Это из воспоминаний Станиславского. У него же:
«Когда стали читать пьесу и за разъяснениями обращаться к Антону Павловичу, он, страшно сконфуженный, отнекивался, говоря:
— Послушайте же, я же там написал все, что знал».
Такое, что ль, совершенное воплощение, что и словечка нельзя добавить? Или робость перед господами актерами?
Но первое невозможно предположить — то есть касательно не совершенства, а того, что Чехов, вечно собой недовольный, мог так надменно думать о собственном созданье. Что ж до актеров… «Многим это покажется странным, — снова, Бунин, — но это так: он не любил актрис и актеров, говорил о них так:
— На семьдесят пять лет отстали в развитии от русского общества. Пошлые, насквозь прожженные самолюбием люди».
Да, полагаю, тут и сама сконфуженность, запечатленная Станиславским, — если не наигрыш, то уловка, помогающая держаться на расстоянии, ибо и труппу «художественников», без сомнения, самую близкую ему, он проницал трезвым, насмешливым взглядом, говоря тому же Бунину:
«— Мало ли что приходится писать в письмах, телеграммах. Мало ли что и про что говоришь иногда, чтобы не обижать…
И, помолчав, с новым смехом:
— И про Художественный театр».
Какой «Театральный роман» мог бы он сочинить, дай волю своей зоркой насмешливости!
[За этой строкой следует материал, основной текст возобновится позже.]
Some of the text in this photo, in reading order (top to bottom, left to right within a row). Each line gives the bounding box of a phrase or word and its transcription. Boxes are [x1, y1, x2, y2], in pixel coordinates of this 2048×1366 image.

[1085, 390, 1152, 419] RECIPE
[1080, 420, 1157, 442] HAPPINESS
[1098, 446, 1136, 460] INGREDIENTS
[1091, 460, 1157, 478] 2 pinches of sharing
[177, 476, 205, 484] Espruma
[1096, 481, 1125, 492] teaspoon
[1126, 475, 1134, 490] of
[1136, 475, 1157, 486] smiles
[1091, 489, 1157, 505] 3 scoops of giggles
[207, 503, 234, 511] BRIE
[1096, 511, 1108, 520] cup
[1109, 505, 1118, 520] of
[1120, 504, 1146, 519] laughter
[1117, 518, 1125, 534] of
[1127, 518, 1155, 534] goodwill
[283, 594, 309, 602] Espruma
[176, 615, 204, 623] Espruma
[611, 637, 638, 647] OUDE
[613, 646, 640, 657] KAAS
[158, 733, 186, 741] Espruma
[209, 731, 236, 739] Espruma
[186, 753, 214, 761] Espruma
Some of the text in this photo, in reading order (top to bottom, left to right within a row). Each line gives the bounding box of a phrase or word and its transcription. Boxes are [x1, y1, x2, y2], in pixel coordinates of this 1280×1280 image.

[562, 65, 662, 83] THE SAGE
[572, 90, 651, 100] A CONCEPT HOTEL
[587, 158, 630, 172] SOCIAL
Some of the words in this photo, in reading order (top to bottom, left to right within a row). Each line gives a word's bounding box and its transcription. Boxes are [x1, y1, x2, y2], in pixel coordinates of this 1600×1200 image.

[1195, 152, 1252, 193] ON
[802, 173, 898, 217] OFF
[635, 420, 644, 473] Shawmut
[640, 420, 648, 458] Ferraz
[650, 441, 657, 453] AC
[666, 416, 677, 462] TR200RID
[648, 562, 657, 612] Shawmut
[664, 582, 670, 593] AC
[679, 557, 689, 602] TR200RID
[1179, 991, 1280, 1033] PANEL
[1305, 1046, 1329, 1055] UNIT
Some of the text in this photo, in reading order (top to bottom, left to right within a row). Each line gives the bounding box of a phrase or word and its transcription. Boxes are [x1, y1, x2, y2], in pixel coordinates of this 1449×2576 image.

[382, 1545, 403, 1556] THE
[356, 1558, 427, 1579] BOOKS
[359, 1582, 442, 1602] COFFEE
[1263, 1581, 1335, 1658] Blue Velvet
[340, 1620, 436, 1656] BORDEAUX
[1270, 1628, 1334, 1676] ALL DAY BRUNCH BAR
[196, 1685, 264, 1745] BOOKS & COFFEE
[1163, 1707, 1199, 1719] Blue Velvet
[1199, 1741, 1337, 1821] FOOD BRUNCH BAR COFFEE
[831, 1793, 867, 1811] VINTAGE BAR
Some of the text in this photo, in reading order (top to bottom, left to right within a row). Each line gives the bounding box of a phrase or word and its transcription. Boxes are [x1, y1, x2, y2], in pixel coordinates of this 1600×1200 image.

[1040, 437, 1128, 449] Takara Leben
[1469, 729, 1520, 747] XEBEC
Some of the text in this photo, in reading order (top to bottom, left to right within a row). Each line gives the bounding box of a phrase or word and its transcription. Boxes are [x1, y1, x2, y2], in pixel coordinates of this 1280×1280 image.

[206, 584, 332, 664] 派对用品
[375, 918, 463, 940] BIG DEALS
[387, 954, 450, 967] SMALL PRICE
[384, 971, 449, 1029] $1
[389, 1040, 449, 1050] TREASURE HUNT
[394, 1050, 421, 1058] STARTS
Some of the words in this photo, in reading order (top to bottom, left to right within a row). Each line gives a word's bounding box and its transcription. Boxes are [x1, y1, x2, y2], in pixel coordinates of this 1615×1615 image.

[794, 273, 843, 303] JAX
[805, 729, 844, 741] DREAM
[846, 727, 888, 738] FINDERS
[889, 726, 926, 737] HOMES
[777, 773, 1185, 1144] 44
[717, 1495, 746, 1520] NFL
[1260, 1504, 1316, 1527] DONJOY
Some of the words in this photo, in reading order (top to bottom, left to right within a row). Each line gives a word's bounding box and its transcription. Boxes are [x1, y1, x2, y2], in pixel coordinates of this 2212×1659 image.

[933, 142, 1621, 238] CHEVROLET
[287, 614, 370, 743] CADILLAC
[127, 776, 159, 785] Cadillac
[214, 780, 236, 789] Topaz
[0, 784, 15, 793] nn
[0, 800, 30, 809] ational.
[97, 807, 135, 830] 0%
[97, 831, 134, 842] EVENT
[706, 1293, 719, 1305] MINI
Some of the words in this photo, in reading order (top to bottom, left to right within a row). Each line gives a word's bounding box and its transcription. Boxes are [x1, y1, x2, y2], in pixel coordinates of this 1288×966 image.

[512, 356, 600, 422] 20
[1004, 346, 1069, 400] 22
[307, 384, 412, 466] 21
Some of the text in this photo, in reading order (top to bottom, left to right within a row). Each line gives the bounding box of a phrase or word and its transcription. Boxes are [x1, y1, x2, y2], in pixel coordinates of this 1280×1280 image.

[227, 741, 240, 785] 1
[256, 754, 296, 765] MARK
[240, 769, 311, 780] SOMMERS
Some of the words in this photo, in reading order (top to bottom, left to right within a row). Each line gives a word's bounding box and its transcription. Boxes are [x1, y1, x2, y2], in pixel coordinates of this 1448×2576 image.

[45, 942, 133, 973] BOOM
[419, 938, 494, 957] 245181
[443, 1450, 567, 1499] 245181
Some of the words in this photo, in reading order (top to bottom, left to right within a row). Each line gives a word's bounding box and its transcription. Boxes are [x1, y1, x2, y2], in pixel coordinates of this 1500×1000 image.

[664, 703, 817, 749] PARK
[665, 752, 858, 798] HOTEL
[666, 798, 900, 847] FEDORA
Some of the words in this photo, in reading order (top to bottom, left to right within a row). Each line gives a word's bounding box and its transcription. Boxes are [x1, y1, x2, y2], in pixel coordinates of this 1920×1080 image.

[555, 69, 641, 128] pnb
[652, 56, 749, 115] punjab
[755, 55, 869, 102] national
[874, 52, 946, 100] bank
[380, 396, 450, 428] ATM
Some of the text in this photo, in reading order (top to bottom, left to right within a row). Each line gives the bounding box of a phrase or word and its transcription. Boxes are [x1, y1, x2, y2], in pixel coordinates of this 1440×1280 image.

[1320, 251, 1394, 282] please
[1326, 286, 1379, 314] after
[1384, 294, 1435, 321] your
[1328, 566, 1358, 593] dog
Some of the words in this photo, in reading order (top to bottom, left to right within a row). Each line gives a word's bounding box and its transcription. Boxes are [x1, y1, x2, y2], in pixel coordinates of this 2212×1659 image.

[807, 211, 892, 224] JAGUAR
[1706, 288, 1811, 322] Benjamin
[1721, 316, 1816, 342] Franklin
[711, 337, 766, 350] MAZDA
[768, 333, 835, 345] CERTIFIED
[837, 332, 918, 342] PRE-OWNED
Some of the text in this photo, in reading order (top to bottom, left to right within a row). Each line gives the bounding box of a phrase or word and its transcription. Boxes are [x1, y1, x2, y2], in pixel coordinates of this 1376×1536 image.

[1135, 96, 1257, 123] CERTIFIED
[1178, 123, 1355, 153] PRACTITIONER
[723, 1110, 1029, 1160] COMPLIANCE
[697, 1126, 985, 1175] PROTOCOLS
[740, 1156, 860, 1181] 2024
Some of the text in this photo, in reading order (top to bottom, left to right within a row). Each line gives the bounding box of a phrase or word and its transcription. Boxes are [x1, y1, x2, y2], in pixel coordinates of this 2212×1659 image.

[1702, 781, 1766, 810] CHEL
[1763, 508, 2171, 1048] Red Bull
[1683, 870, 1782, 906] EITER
Но не дал. Как и многому другому, захотев быть нераскрытым — настолько, что, хотя вся его жизнь на виду и может быть расписана по месяцам, ежели не по неделям, но по сей день строятся самые вольные догадки о самых существенных вехах чеховской биографии. Чего только не напридумывали о причинах его несостоявшегося романа с Ликой Мизиновой — настолько сумел не оставить вещественных доказательств, — и, напротив, с какой охотою Бунин поверил в совершенно фантастическую историю, придуманную старухой Авиловой об их с Чеховым — будто бы — драматической и взаимной влюбленности. Хотя бунинская доверчивость подстегивалась, конечно, неприязнью к Книппер.
Все тот же Иван Алексеевич вспоминал чеховские слова о том, что садиться писать надобно, будучи «холодным, как лед». Что они значат применительно к писателю, чьи вещи исполнены сдержанного, но несомненнейшего сочувствия к человеку?
Конечно, это можно — и нужно — воспринять как разговор, так сказать, технологический. Простейшая (это не значит: упрощающая) аналогия — рассказ Шаляпина, как тенор, в провинции «драматически плакал», исполняя ариозо Канио из «Паяцев», и публика хохотала, так как голос певца дрожал и срывался не по причине слабости связок, но именно потому, что он позволил себе не играть страдание, а страдать и плакать всамделишно.
Чехов знал цену дисциплине чувства, что, впрочем, само по себе еще не свидетельствует о масштабе художника: не говоря о перебирающем в эффектах великом Гюго, о впадающем в крайнюю сентиментальность великом" Диккенсе, — как бунтует против дисциплины темперамент великого Достосвского, достигая порой нежеланного результата: точь-в-точь незадачливый тенор. Что ж, гению даже это простительно; даже это ему на пользу. Но Чехов…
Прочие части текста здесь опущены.